Andrei Zalizniak’s lecture, to which I’ve posted a link, discusses the so-called “amateurish linguistics”, the pursuit focused mostly on “discovering” (in fact, making up) whimsical and unsubstantiated etymologies of words, with the expressed or implicit goal of showing… whatever the “amateurish linguist” in question wants to show (in the case of a Russian amateurish linguist, it is typically to show that Russia has governed the whole world at some point in the past or that all people descend from Russians; in the case of Ukrainians, the claim of being the ancestors of everybody else is made about Ukrainians; etc.). But the trend for amateurish linguists is much wider and deeper than that, and it’s not only Russians who make it a fashionable pursuit.
It is important to stress that I am not against amateurs in general or against amateur pursuits in language. I make a distinction, though, between “amateur” and “amateurish”, and it’s the latter that I am strongly opposed to. The main differences is whether one adopts a rigorous study of language as one’s goal or rejects it. The hallmark of an amateurish linguist is that he (or she) thinks that language can be approached intuitively, that it’s open and accessible to all, and that any opinion about it is as good as any other. Such people reject the notion of truth, facts, etc. and that’s what leads them to the most absurd claims that they make.
While populism and amateurish pursuits are common in other fields as well, I think they are particularly common in linguistics. Not only do people make most ridiculous claims about word etymology (and publish books on this, making a fast buck!), but serious publications, like The Economist, think it appropriate to take a vote on an issue that should be instead subjected to scientifically rigorous testing. Not to mention all the claims made about the Eskimo snow vocabulary.
I think there are three reasons why a layman may be drawn to make uninformed and opinionated claims in linguistics, of all fields. First, linguistics is a relatively young science, with little agreed body of knowledge. While some areas of linguistics developed already in the 18th and 19th century, most of the discipline is much younger than that. Debates between various frameworks and theories are still fierce (e.g., the Generative Semantics wars of the 1970s, or the pro- and anti-Chomskian debates today).
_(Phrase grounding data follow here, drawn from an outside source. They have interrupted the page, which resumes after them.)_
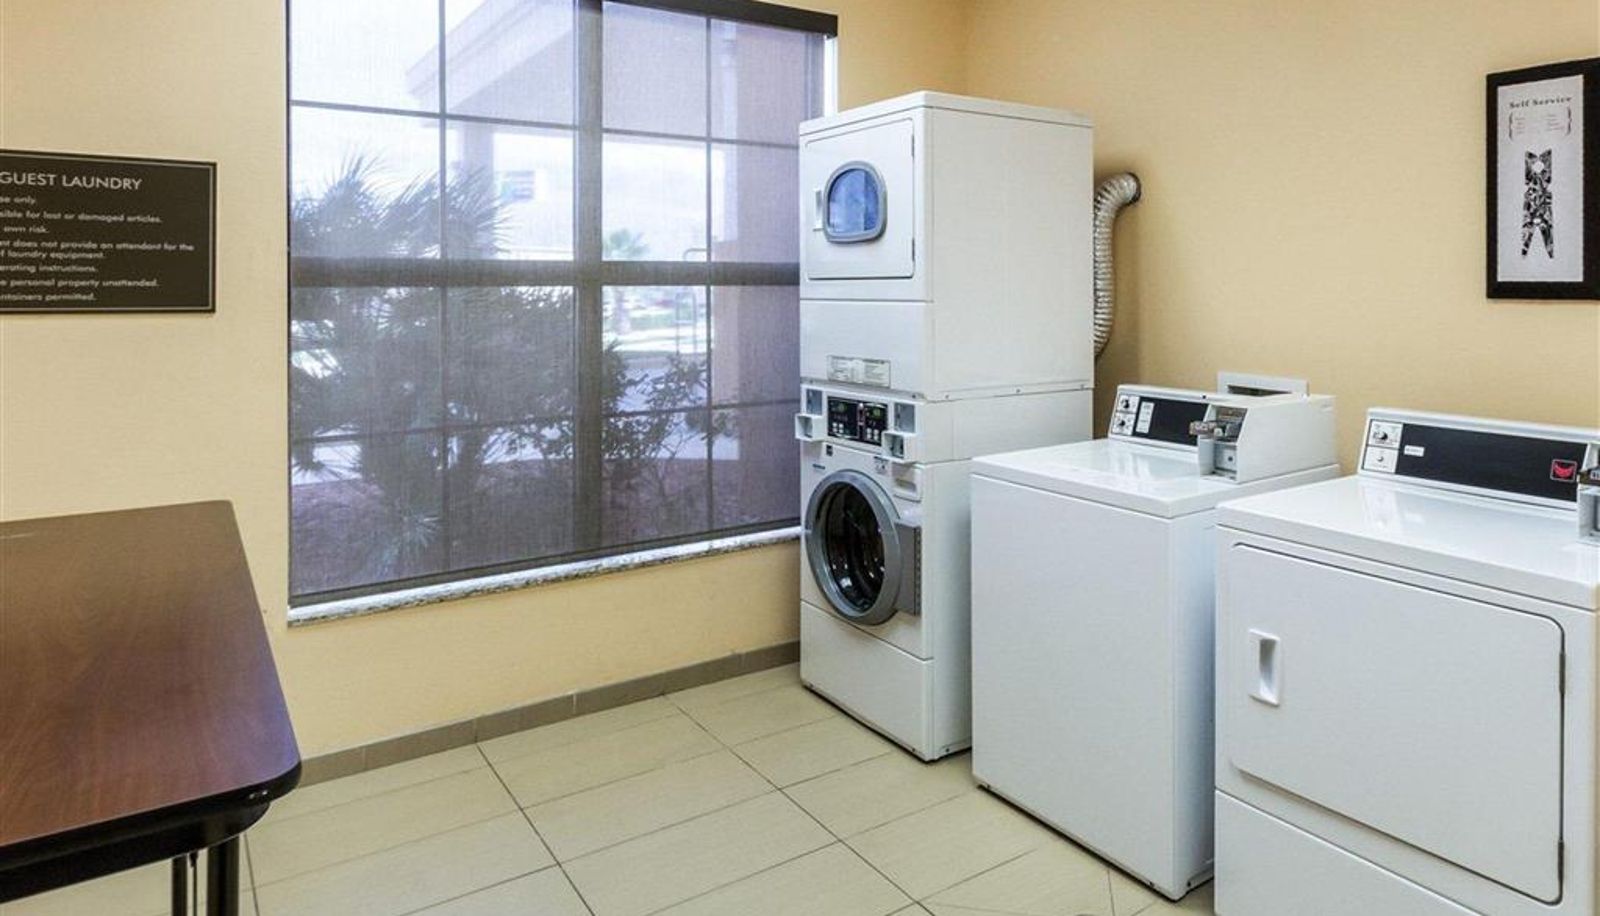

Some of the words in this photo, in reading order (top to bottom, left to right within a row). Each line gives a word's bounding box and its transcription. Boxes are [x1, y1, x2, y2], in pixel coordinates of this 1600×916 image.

[1509, 99, 1529, 108] Self
[1532, 96, 1572, 106] Service
[0, 171, 57, 186] GUEST
[62, 174, 142, 191] LAUNDRY
[26, 209, 40, 219] for
[43, 210, 61, 219] lost
[64, 212, 76, 220] or
[78, 211, 124, 223] damaged
[127, 214, 162, 223] articles.
[29, 224, 49, 233] risk.
[13, 238, 38, 248] does
[40, 240, 58, 248] not
[60, 240, 98, 250] provide
[116, 240, 162, 250] attendant
[163, 241, 177, 252] for
[179, 242, 195, 252] the
[7, 248, 46, 260] laundry
[10, 277, 55, 288] personal
[57, 279, 100, 289] property
While physics, chemistry or biology have a substantial body of shared ideas about the goals and methods of their fields, such basics remain controversial in linguistics. Thus, it is much easier to express an “opinion as good as any other opinion” in linguistics than it would be in a more established scientific discipline.
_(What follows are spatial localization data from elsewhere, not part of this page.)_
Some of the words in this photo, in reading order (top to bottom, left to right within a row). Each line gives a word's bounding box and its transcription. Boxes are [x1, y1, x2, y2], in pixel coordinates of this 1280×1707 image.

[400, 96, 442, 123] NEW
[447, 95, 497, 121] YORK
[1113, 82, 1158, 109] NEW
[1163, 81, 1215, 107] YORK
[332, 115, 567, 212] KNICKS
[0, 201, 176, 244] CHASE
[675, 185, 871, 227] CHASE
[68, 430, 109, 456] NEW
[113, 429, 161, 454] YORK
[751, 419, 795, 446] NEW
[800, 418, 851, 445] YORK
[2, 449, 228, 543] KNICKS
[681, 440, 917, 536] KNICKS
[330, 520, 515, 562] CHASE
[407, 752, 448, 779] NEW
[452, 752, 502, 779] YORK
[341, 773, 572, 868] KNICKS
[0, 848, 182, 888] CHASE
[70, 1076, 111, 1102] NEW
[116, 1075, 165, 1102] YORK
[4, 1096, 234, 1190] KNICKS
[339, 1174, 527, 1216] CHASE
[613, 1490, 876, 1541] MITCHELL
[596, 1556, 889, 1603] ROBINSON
Second, linguistics has not made its way (yet) into the education system. A reasonably edicated layman would most likely know about Newton’s law of universal gravitation or have some understanding of the Linnean taxonomy of species. And yet, the same layman will probably have no idea what a phoneme is or what is the difference between a preposition and a proposition. In fact, my undergraduate students at Cornell once told me that they were taught in school (note: a good enough school to allow them to get into Cornell!) that a preposition describes “where a squirrel could go” (“under a tree”, “into a box”, “on the table”). What’s worse, linguists do precious little to present their discipline to a wider audience: for example, there are few good, accessible books on linguistics that are also informative and accurate. One of the goals of my blog is to fill this knowledge gap. But, when one knows nothing of a discipline, it is not hard to believe that there is nothing to know. It takes Socratic wisdom to know that you know nothing.
And the third reason — in my mind, the most important one and yet the most preposterous one — is the wide-spread belief that language “belongs” to us, that we “own” it, perhaps even that we “are” it. Many laymen commentators in The Economist debate said something like “I am bilingual and when I think in my two different languages I perceive the world differently”. Personal experience seems sufficient to make claims about language. And yet, personal experience and intuition have as little room in a careful study of language that I advocate as they do in the study of physics, chemistry, biology etc. As I tell my undergraduate students, your pet parrot is not the best ornithologist in the world. When you get sick, you go to the doctor, even though the ailing body is yours and not the doctor’s. Just by virtue of speaking a language, you don’t automatically become an expert in language. Rather, language — like so many other things — can and should be subjected to rigorous methods of description and analysis, taking into account what has already been established and progressing to address well-defined problems through hypothesizing and testing. And this is exactly NOT what amateurish linguistics is all about.